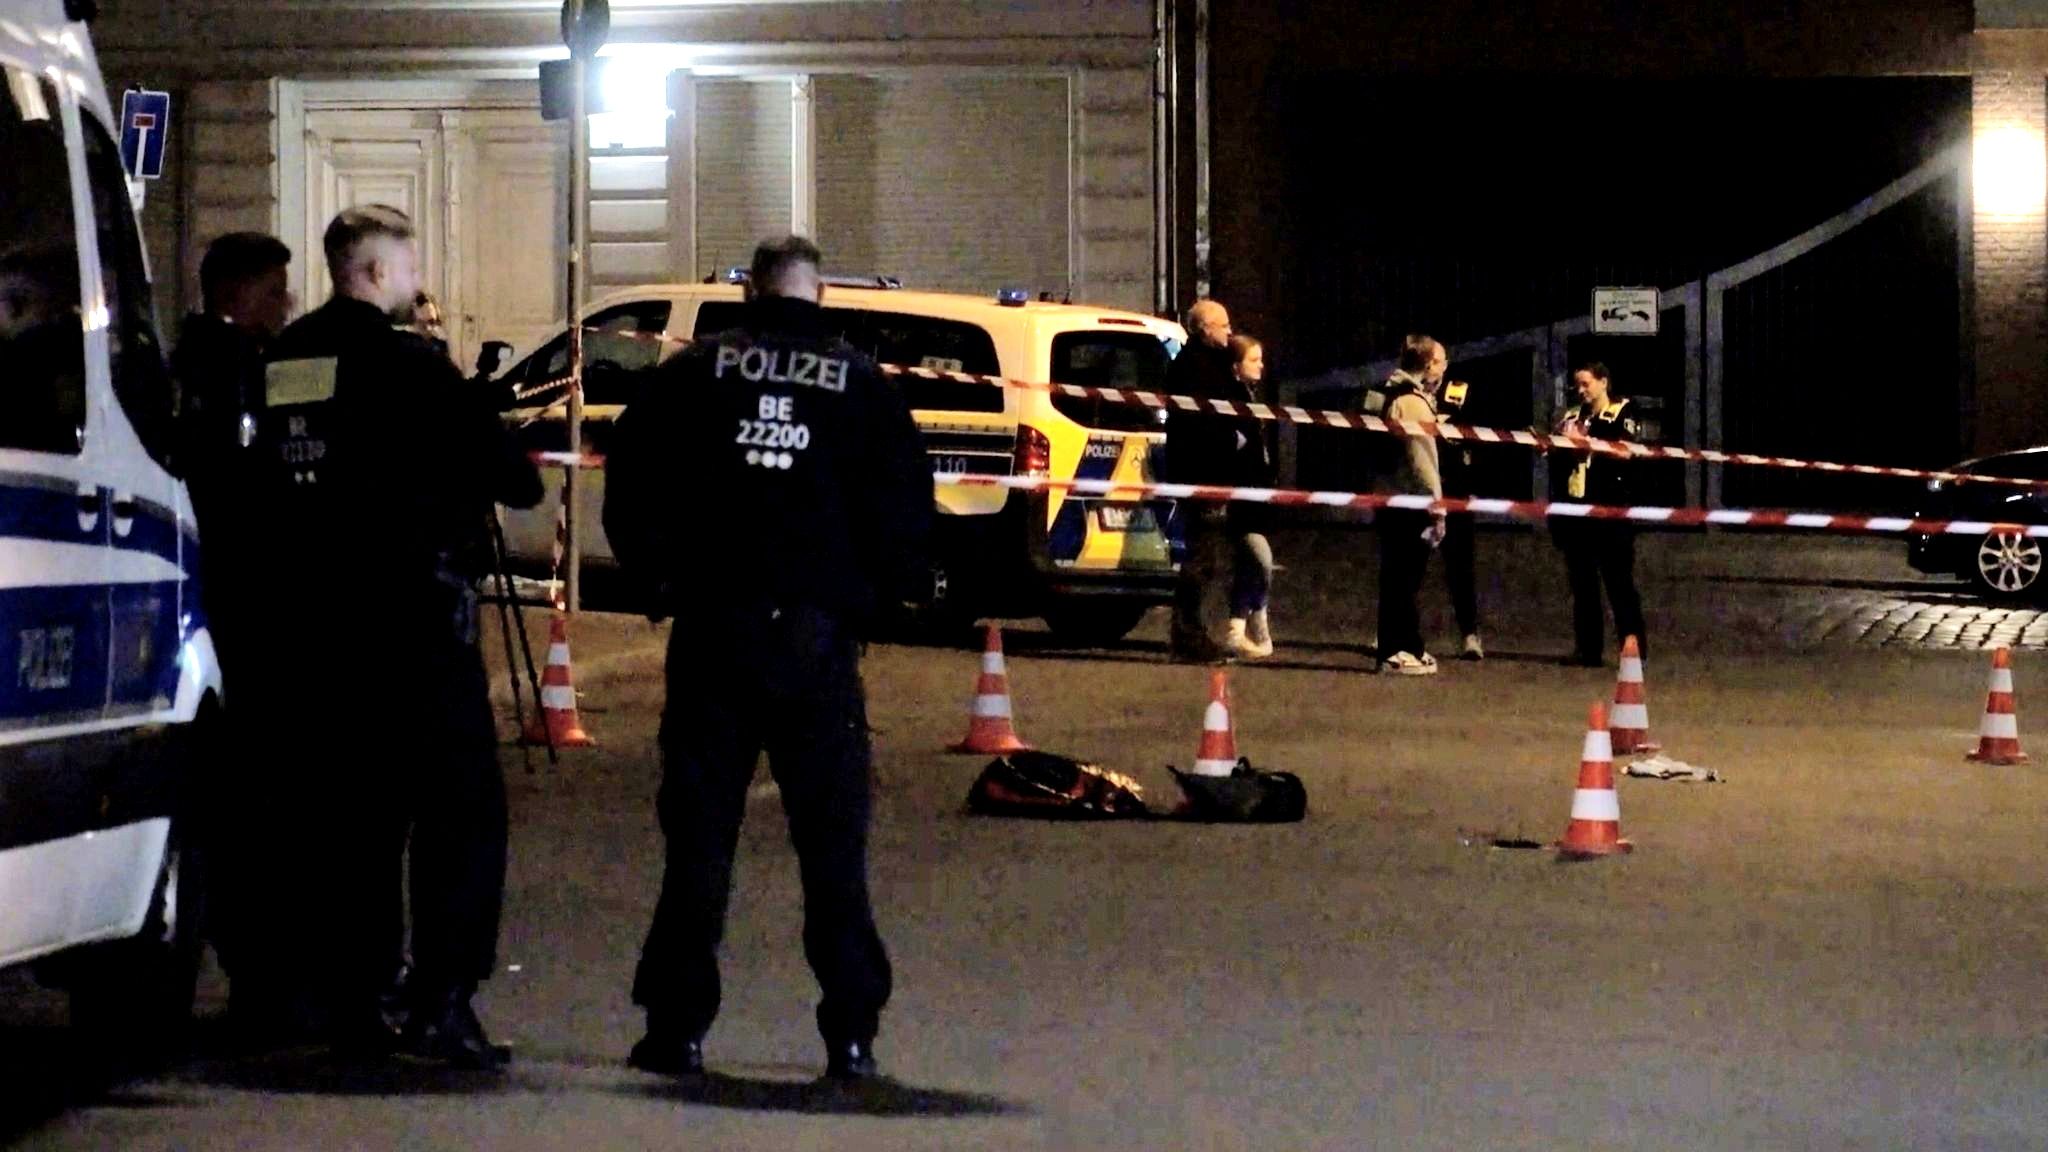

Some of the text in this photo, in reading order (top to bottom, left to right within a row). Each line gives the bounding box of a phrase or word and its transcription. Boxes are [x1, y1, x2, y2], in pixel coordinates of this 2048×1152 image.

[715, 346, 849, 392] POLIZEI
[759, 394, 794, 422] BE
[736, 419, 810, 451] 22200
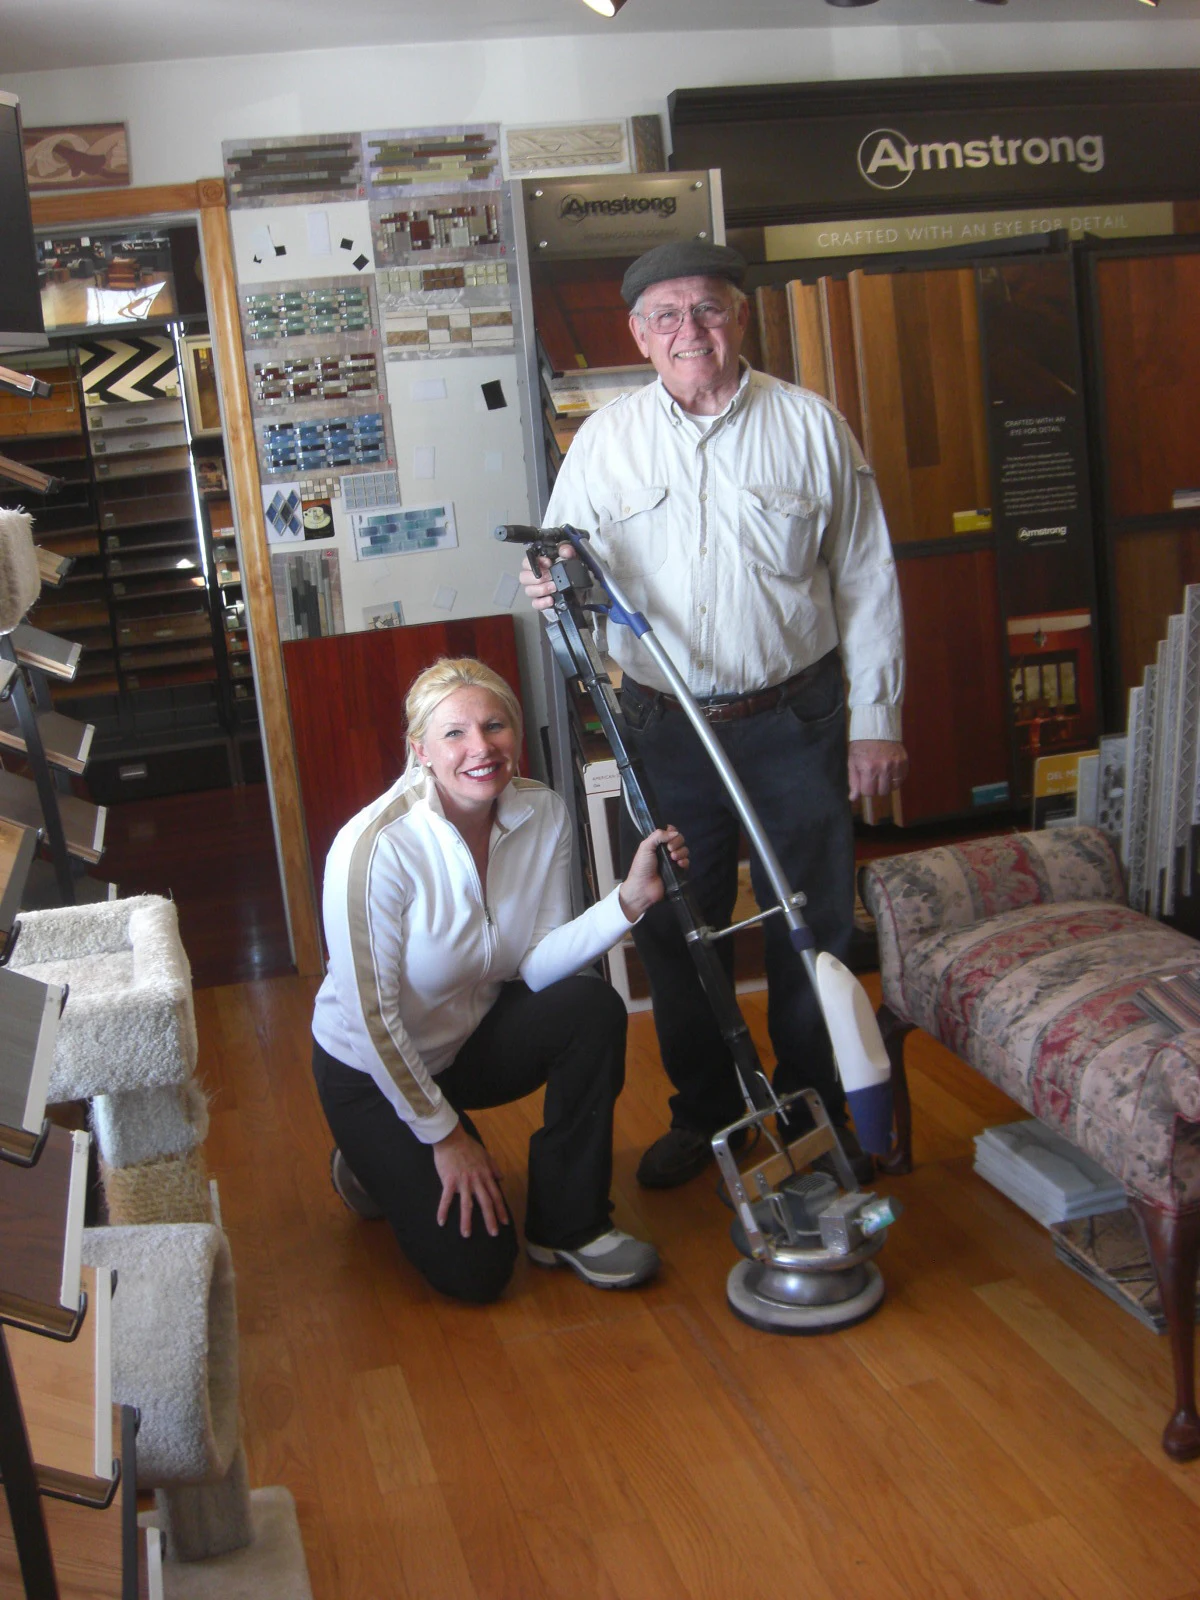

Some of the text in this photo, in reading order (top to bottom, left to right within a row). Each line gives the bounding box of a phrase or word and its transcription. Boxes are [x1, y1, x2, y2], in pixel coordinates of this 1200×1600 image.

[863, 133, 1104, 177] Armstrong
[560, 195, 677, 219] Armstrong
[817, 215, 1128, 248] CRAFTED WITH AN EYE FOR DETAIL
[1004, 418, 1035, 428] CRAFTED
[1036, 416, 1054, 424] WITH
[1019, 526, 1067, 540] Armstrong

◆ **PROMPT**: Leaving out the pictures, output the listing above exactly as given.

◆ **PROBLEM SOLUTION**:
Some of the text in this photo, in reading order (top to bottom, left to right within a row). Each line gives the bounding box of a phrase or word and its transcription. Boxes are [x1, y1, x2, y2], in pixel coordinates of this 2048×1152 image.

[715, 346, 849, 392] POLIZEI
[759, 394, 794, 422] BE
[736, 419, 810, 451] 22200

Some of the text in this photo, in reading order (top to bottom, left to right within a row). Each line gives the bounding box of a phrase or word and its transcription. Boxes are [x1, y1, x2, y2], in pixel coordinates of this 1200×1600 image.

[863, 133, 1104, 177] Armstrong
[560, 195, 677, 219] Armstrong
[817, 215, 1128, 248] CRAFTED WITH AN EYE FOR DETAIL
[1004, 418, 1035, 428] CRAFTED
[1036, 416, 1054, 424] WITH
[1019, 526, 1067, 540] Armstrong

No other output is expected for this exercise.